Conséquences à long terme

ll y a aussi des conséquences à plus long terme. Qu’en est-il, par exemple, du risque de déscolarisation ? L’arrêt de l’école au printemps a touché en priorité les familles les plus modestes, et si le fonctionnement scolaire vient de nouveau à être perturbé, notamment dans le secondaire, cela pourrait creuser encore plus les inégalités entre les élèves qui peuvent compter sur leur famille pour assurer un semblant de continuité scolaire et les autres. Le risque est de "condamner définitivement certains à l’abandon de la scolarité, avec des conséquences désastreuses et persistantes" aussi bien socialement qu’économiquement, estime Xavier Timbeau. Cette déscolarisation pourra notamment compliquer davantage la recherche d'emploi.

La France risque aussi d’accuser le coup au niveau de son attractivité sur le scène internationale. "La dégradation de la situation sanitaire qui force les autorités à recourir à un reconfinement peut donner l’impression aux investisseurs étrangers que les infrastructures de santé en France ne sont peut-être pas aussi bonnes que ça ou qu’il y a un problème de gouvernance politique, ce qui peut les décourager de s’implanter ou d’investir en France", estime Pascal de Lima.

Une réplique plutôt qu’un effet boule de neige ?

Mais tout le monde n’a pas cette vision pessimiste de la situation. À commencer par les marchés financiers. La perspective d’un retour du confinement ne les a, certes, pas ravis, mais "la baisse des indices boursiers n’est en rien comparable à la panique des mois de février et mars", souligne Alexandre Baradez, responsable des analyses économiques pour le cabinet de conseil financier IG, contacté par France 24.

Les investisseurs "ne croient pas à la thèse de l’effondrement économique", résume-t-il.

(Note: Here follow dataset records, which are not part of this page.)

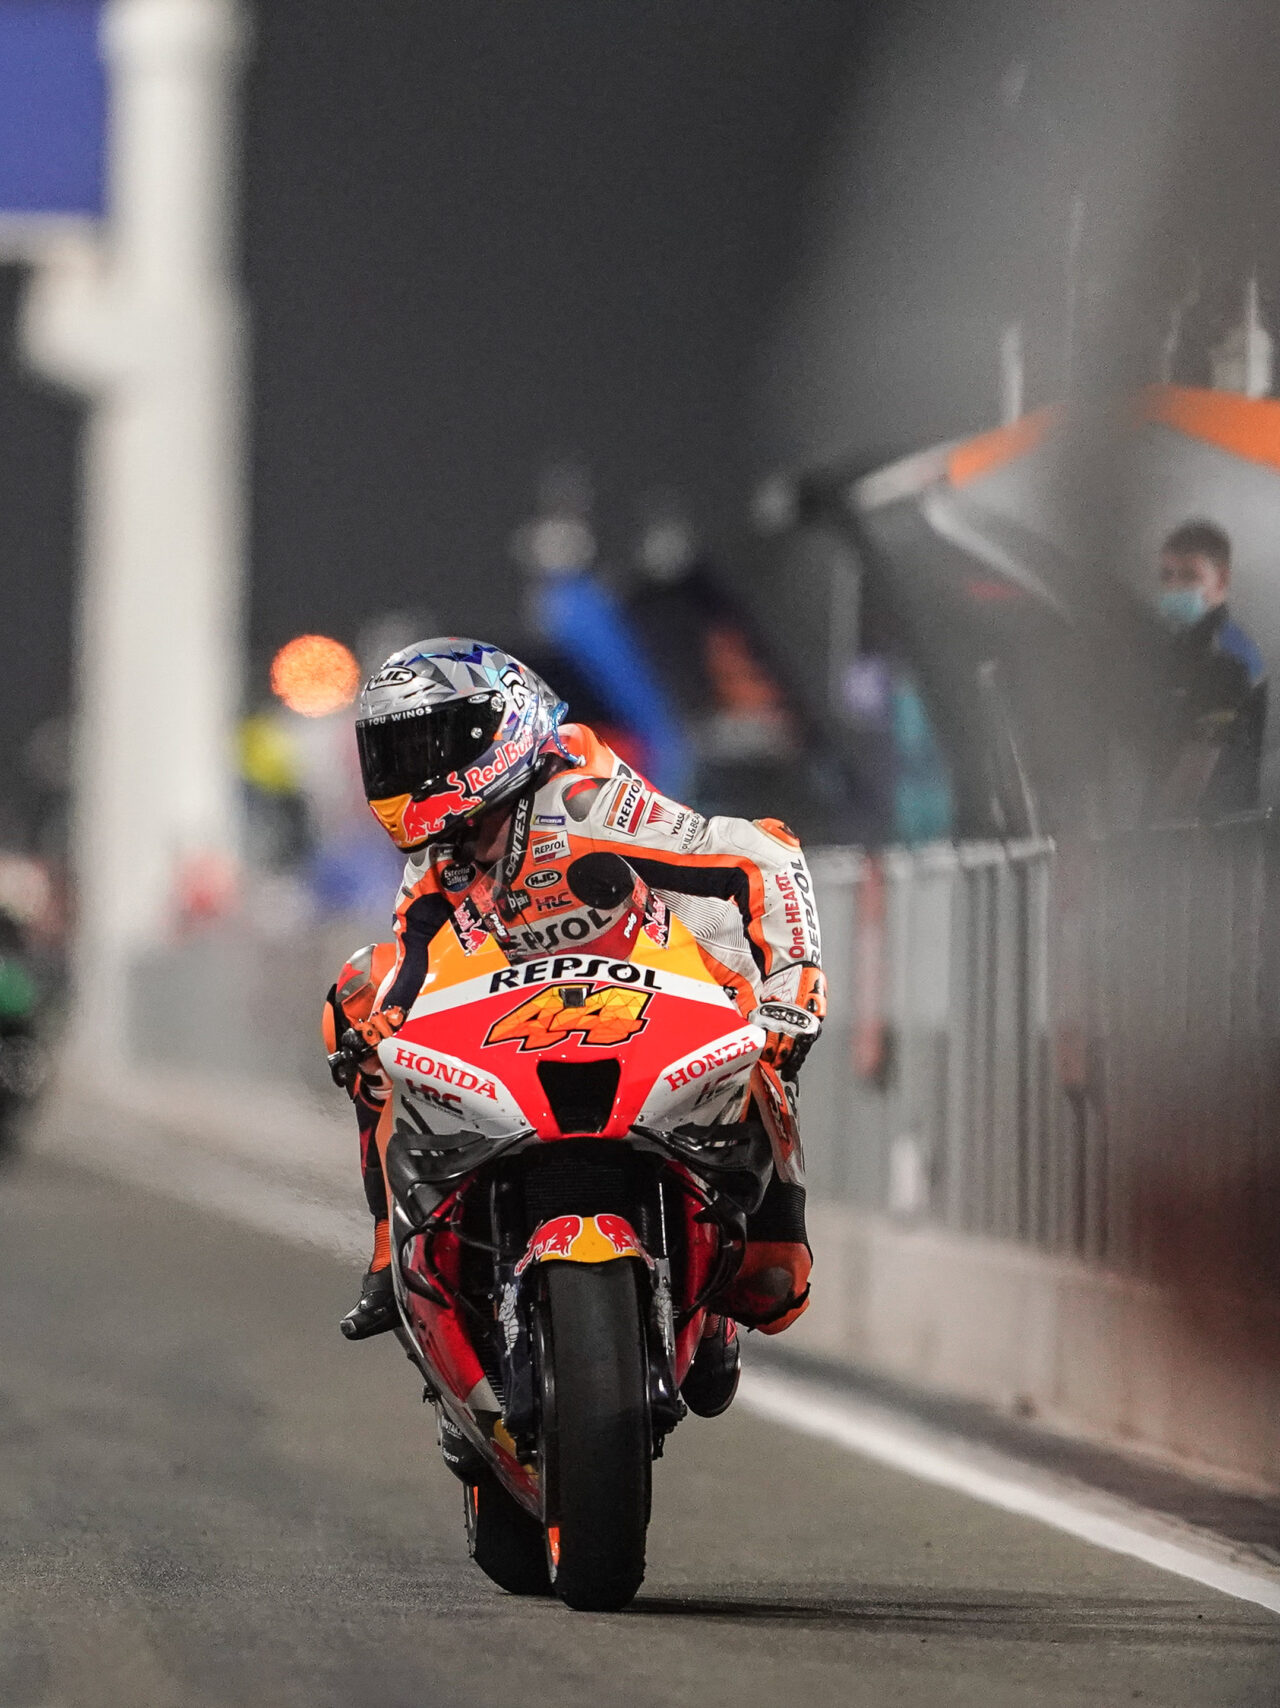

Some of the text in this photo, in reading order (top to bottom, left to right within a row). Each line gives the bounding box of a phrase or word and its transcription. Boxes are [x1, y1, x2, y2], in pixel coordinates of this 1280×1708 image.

[391, 706, 433, 721] WINGS
[465, 747, 509, 793] Red
[616, 783, 642, 829] REPSO
[505, 799, 528, 877] DAINESE
[534, 840, 566, 855] REPSOL
[530, 872, 556, 886] HJC
[535, 891, 573, 912] HRC
[503, 907, 613, 953] EPSOL
[789, 927, 805, 959] One
[489, 957, 663, 994] REPSOL
[481, 982, 656, 1053] 44
[394, 1047, 498, 1102] HONDA
[664, 1036, 759, 1092] HONDA
[405, 1077, 464, 1116] HRC

Pour eux, il ne devrait pas y avoir d’effet boule de neige, et le probable deuxième confinement "est plutôt perçu comme une réplique du tremblement de terre économique du printemps dont les effets seront moins forts", souligne Alexandre Baradez.

Le fait que le dispositif qui doit être dévoilé devrait durer moins longtemps (environ un mois), être plus souple et prévoir une certaine continuité de l’activité économique "permettra aux autorités de concentrer les aides sur les secteurs les plus affectés et de mieux cibler les aides", juge cet analyste financier.

Les entreprises ne vont en outre plus évoluer en terrain inconnu. "Elles ont appris de l’expérience du printemps et ont adapté leur organisation de travail, ce qui peut avoir un impact important sur la continuité de l’activité", ajoute Pascal de Lima.

En revanche, ce deuxième confinement dont personne ne voulait démontre que la France entre peut-être dans une nouvelle réalité où l’économie va, tour à tour, se confiner et se déconfiner au gré de la virulence de l’épidémie. Et pour Alexandre Baradez, le vrai test aux yeux des marchés n’est pas d’éviter un effondrement mais de voir si le gouvernement parvient à adapter le pays à ce "nouveau monde".